Her gün bir yerlerine kazma vurulan , suları bazen kesilen , her gün şantiye olan şehirdir …
Akrablarınızla beraberken yürürken " nörüyon " sorusuna maruz kalınan , düğünlerde " biter Kırşehir ' in gülleri biteri " oynamaktır , küfül küfül rüzgarın esmesidir …
" Bizim eşşeğe bin gittir " …
Ellaaamdır ...
Neşet Ertaş gibi bir halk ozanına sahip olmaktır …
Yangından , ilk evdeki pekmezi kurtarmaktır …
Kaman 'ı , Mucur 'u , Çiçekdağı 'nı ,
Kındam , Dinekbağı , hem Özbağ 'ını ,
Köylü , kentli , hastasını , sağını ,
Görüp bir muhabbet kurmak istiyom ...
Diyebildiğin bi şehirdir …
12 eylül öncesi , sol gruplar arasında “ devrim kırdan mı başlamalı şehirden mi ” tartışmaları hararetli bir şekilde sürerken , İsmail Gülgeç ’ in arayı bulmak için devrimin direk başlamasını önerdiği şehirdir …
Hemen dibindeki Yozgat ve Nevşehir 3. dereceden deprem kuşağında iken , Kırşehir 1. dereceden deprem kuşağındadır viptir...
Hayata gözlerini açtığın , insanlarının ayrı bir sıcak kanlı olduğu , gördüğün her eşine dostuna " nörüyon " demekten zevk aldığın , akrabalarla rakı sofrasında ince çalgı eşliğinde Neşet Ertaş türküleri söylediğin , bu ülkede doğabileceğiniz en güzel şehirdir…

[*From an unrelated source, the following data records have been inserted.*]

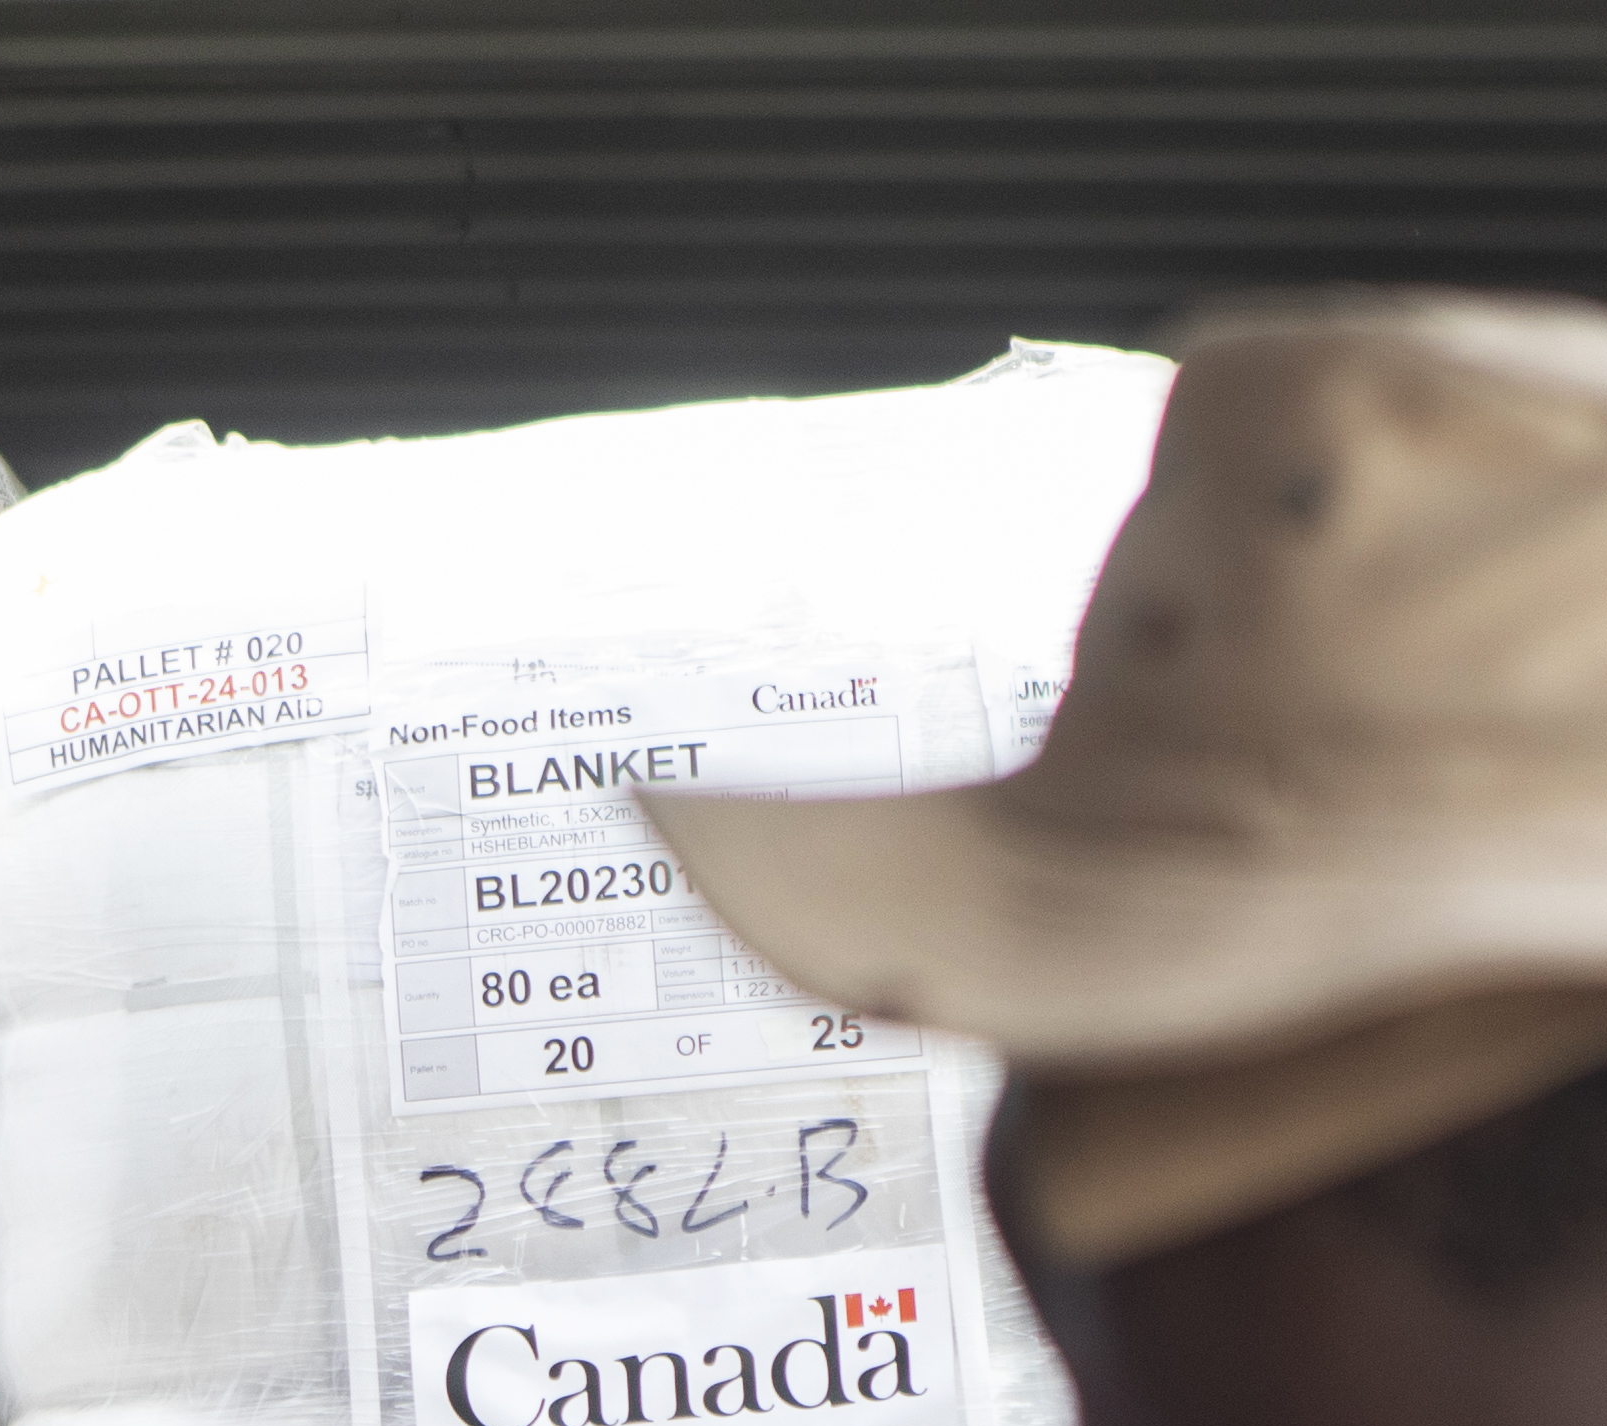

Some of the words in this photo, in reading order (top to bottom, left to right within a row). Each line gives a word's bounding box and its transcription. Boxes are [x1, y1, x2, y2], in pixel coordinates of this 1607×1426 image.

[72, 644, 204, 695] PALLET
[215, 639, 234, 666] #
[246, 631, 304, 664] 020
[59, 663, 310, 735] CA-OTT-24-013
[751, 677, 879, 716] Canada
[49, 704, 266, 770] HUMANITARIAN
[275, 696, 324, 722] AID
[389, 709, 538, 746] Non-Food
[549, 705, 633, 731] Items
[469, 742, 708, 801] BLANKET
[470, 809, 555, 837] synthetic,
[471, 830, 606, 855] HSHEBLANPMT1
[476, 914, 647, 945] CRC-PO-000078882
[731, 959, 766, 976] 1.11
[481, 969, 532, 1009] 80
[548, 970, 602, 1002] ea
[733, 981, 770, 998] 1.22
[543, 1035, 596, 1076] 20
[676, 1033, 713, 1057] OF
[810, 1013, 865, 1053] 25

Yaşarken sıkıldığın , " ulan şurdan bi gideyim başka bişey istemiycem " dediğin , gidince de " tavuk dönerini bile özledim la " dediğin şehirdir ...

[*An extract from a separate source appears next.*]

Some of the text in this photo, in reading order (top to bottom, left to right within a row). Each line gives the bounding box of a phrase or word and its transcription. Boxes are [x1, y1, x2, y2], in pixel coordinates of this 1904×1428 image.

Ankara ' dan gelirken Özbağı ' na yaklaşırsın burnuna gelen yeşilin kokusu ve hafiften esen yeli içine çektiğin Bozkır 'dır ...
Elin gavuru tuvalet bilmezken , 1247 yılında yapılan Cacabey Camisinin ortasındaki havuza düşen ay ve yıldız görüntüsünden gökyüzünü incelediğimiz , bilimin üssüdür
Yine Cacabey caminin köşesindeki göğe bakan ateşlenmiş roket figürü adeta biz bu işi yıllar önce yapıyorduk diyen şehirdir ...

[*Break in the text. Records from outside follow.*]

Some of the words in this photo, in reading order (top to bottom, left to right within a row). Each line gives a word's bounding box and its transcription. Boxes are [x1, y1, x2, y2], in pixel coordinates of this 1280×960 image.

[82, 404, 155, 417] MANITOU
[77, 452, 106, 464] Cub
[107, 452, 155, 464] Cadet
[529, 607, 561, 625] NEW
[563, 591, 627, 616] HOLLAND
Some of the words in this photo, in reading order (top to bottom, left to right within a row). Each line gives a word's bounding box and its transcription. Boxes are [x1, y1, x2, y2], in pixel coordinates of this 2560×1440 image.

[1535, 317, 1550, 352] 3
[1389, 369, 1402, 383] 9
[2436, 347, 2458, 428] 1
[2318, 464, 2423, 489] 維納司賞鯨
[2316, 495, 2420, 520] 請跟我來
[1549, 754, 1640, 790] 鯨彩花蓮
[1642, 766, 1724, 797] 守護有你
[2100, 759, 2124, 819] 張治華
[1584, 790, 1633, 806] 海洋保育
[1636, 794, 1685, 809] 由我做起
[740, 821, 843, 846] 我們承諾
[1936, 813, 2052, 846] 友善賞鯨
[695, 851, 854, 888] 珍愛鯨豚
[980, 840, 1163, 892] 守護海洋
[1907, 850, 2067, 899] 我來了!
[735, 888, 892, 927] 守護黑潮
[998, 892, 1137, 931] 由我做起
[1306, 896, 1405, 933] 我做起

Esnaflığın kurucusu Ahi Evran Hazretlerinin şehridir , her yıl esnaf bayramı düzenleyip cumhurbaşkanı ve devlet erkanının katıldığı , ama esnafının değil de memurunun esnaf bayramına katıldığı şehirdir ...
İki saatte görülecek her yerini görebileceğin küçük ama şirin Kırşehir ' dir …
Sanayi bakımından az gelişmiş iller arasında olmasına rağmen Türkiye ' nin en zengin illerinden biridir …
İnsanlarının para harcayacak yer bulamadığı için hafta sonları çevre illere kaçtığı şehirdir ...
Her boş yere park yapılan ama bir Aqua parkı olmayan insanların deniz hasretini Savcılı Göleti ' nin sahilinde gideren şehirdir ...
Kaman ceviziyle ünlü , adına festival yapılan ama bir türlü cevizini soğuktan koruyamayan cevizsiz kalıp Çin cevizine muhtaç kalan şehirdir ...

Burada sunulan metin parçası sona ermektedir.